The type specimen (UCMP 20052) that defines this species is named Merriamoceros coronatus taking after its discoverer, J.M. Merriam. It is known from a partial skull (a single fragmentary horn or antler). Remains of Merriamoceros were found in rock formations dating to the Early Miocene period, 15.9 to 13.6 million years ago. Its type locality is Barstow, which is in a Barstovian terrestrial horizon in the Barstow Formation of California.

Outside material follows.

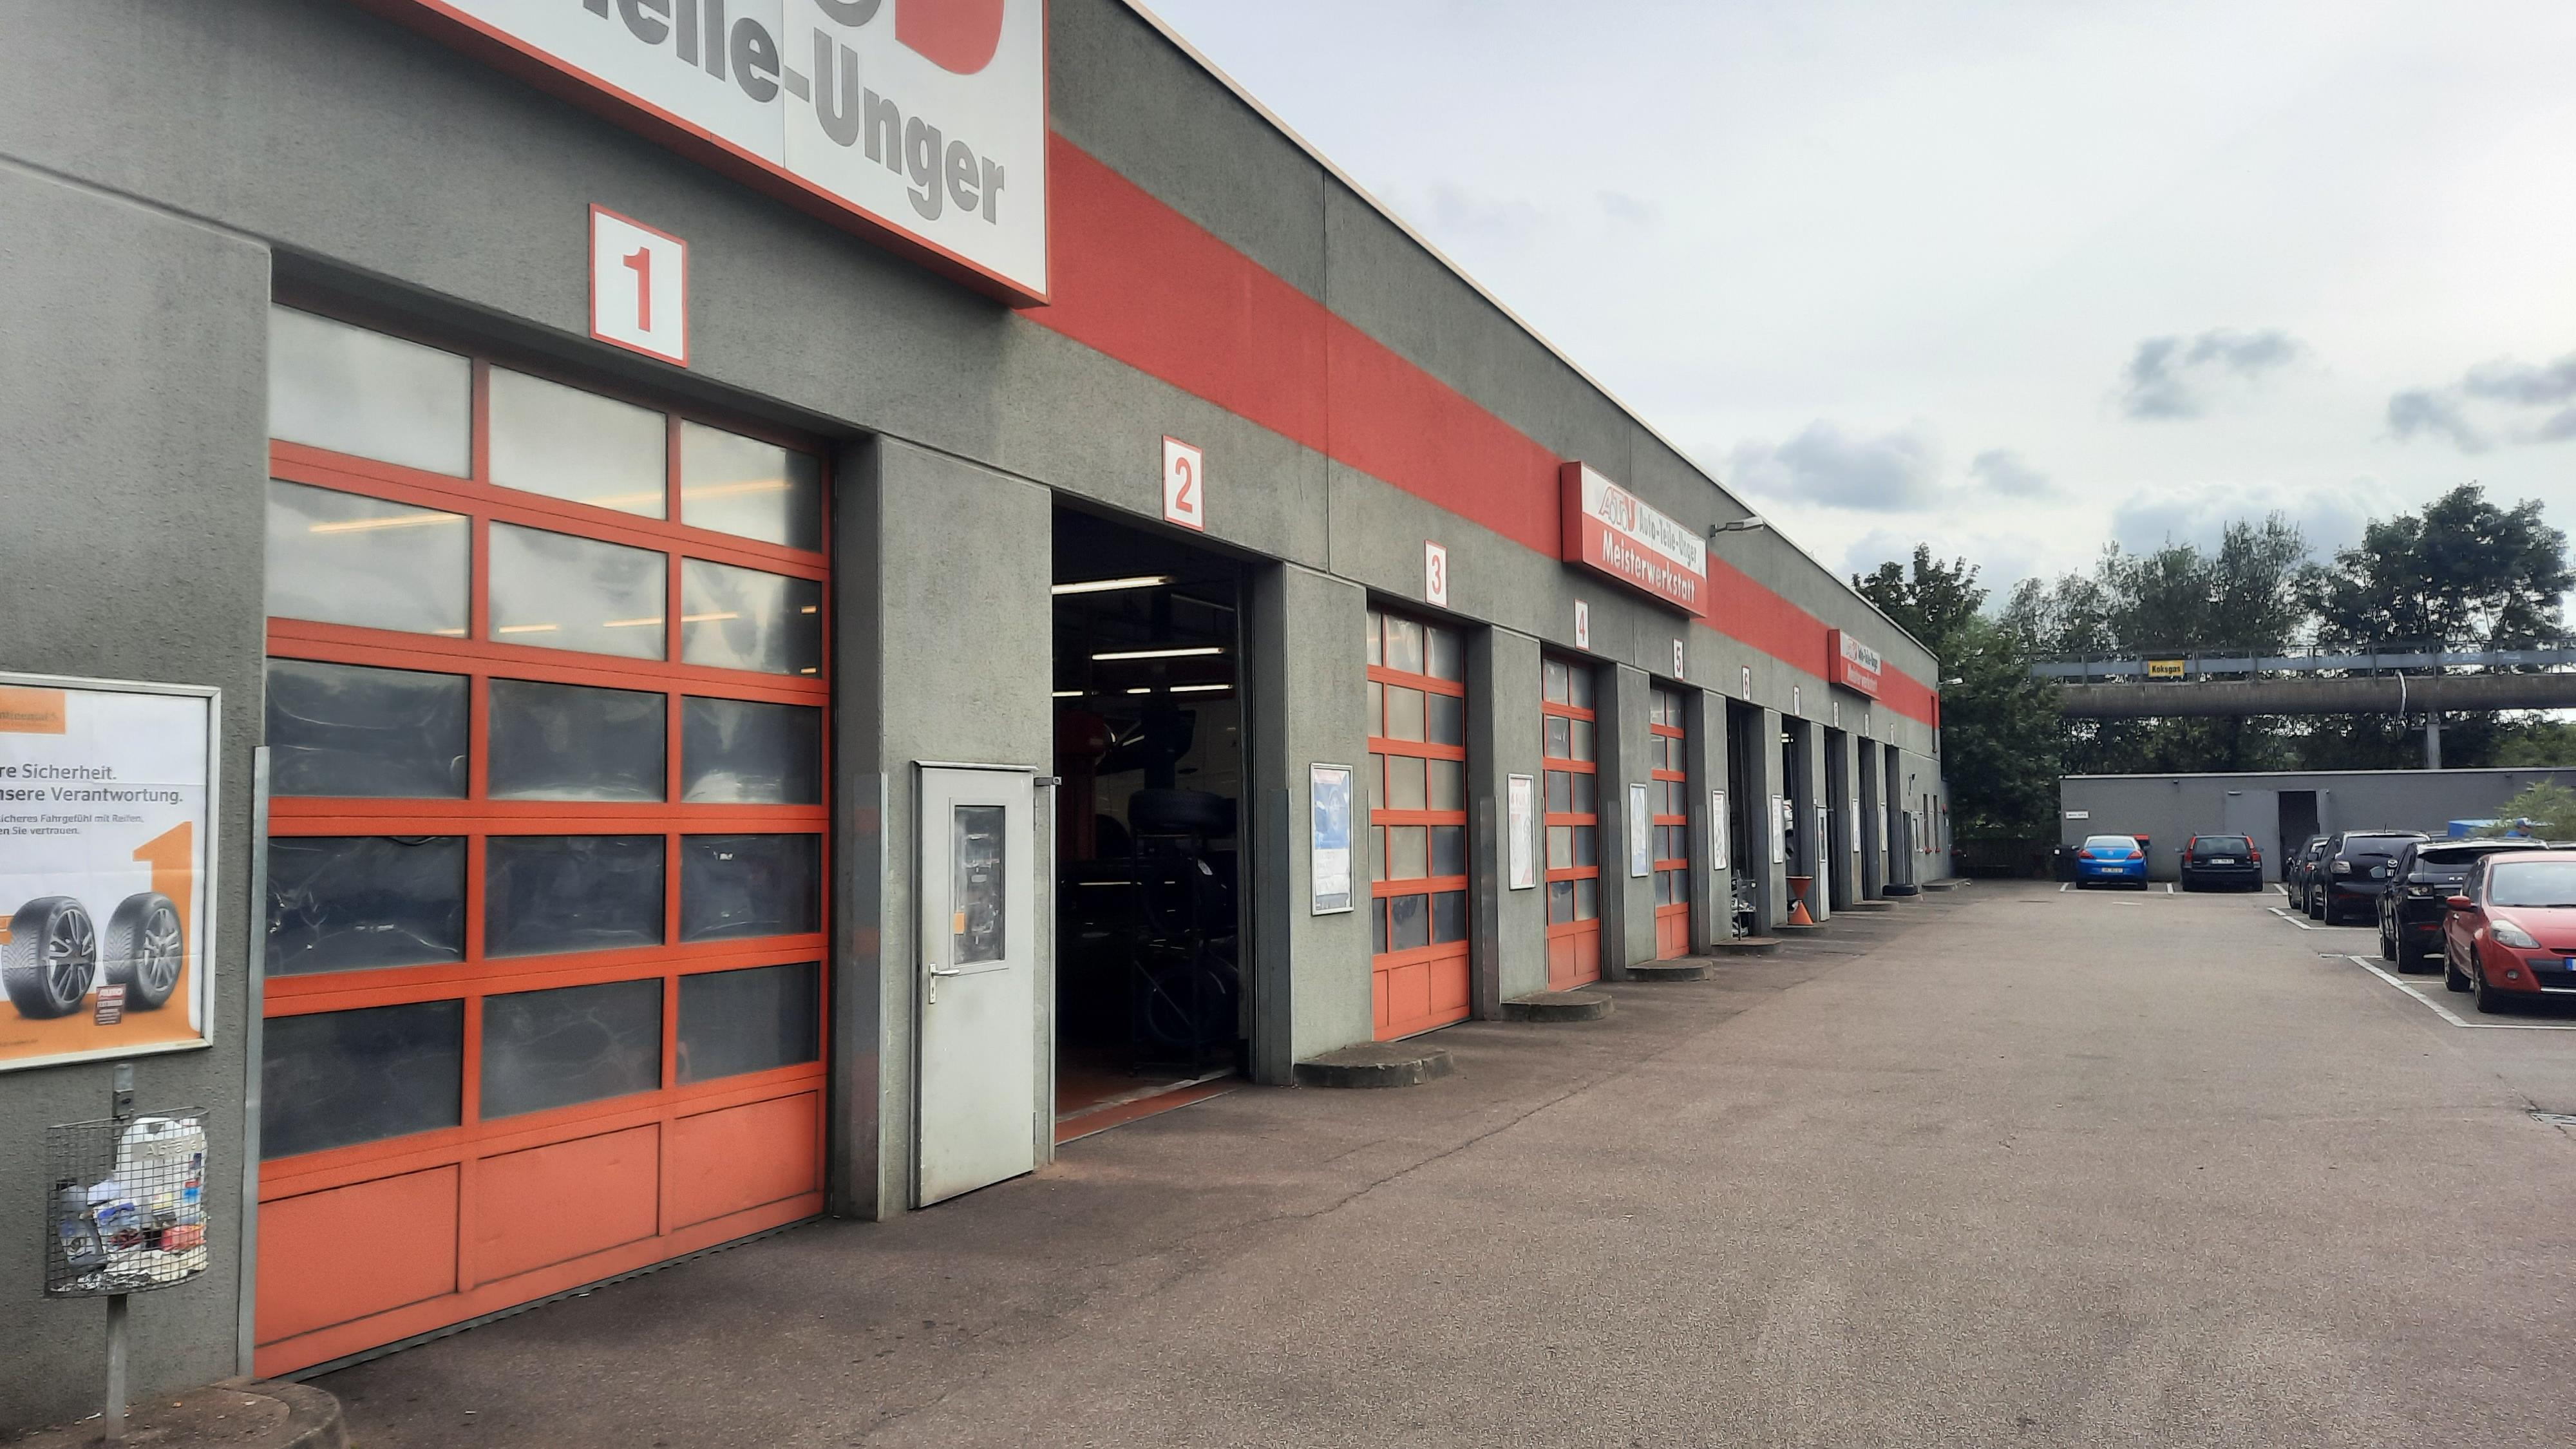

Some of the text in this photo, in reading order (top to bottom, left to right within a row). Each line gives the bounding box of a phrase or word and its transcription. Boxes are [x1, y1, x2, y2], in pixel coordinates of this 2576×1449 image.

Merriamoceros was originally named as a subspecies of Ramoceros, but later J. T. Gregory elevated it to a generic level, stating that its palmate style horns were distinct characteristics and required a separate classification. The developmental series discussed by Childs Frick further supports the hypothesis of homology between the horns of Ramoceros and Merriamoceros, with young Merriamoceros presenting three horns, reminiscent of those of Paramoceros. The horn ontogeny of these two separate genera marks an evolutionarily distinct lineage.

==Description==
Merriamoceros was a prehistoric relative of modern pronghorn (Antilocapra americana), which is a species of artiodactyl mammal indigenous to interior western and central North America. Its remains were found in California, and were characterized by a small body size and palmate horns. It is the oldest known member of the Antilocapridae family, also known as the pronghorns. It was closely related to Ramoceros and Merycodus.

It was, like its relatives, a quadruped herbivore and grazed on the grassy plains of its time. It is not known if Merriamoceros had any predators and much is still unknown about its paleobiology, but it is assumed that it was similar to the present day pronghorn and its extinct relatives. Merriamoceros was covered in a short fur and was likely a good runner. Merriamoceros had some of the most intricate cranial appendages in the family, where the tines were on top and along the outside edges of the horns. Like related species, these were likely initially covered in skin, which gradually rubbed off to expose the bone.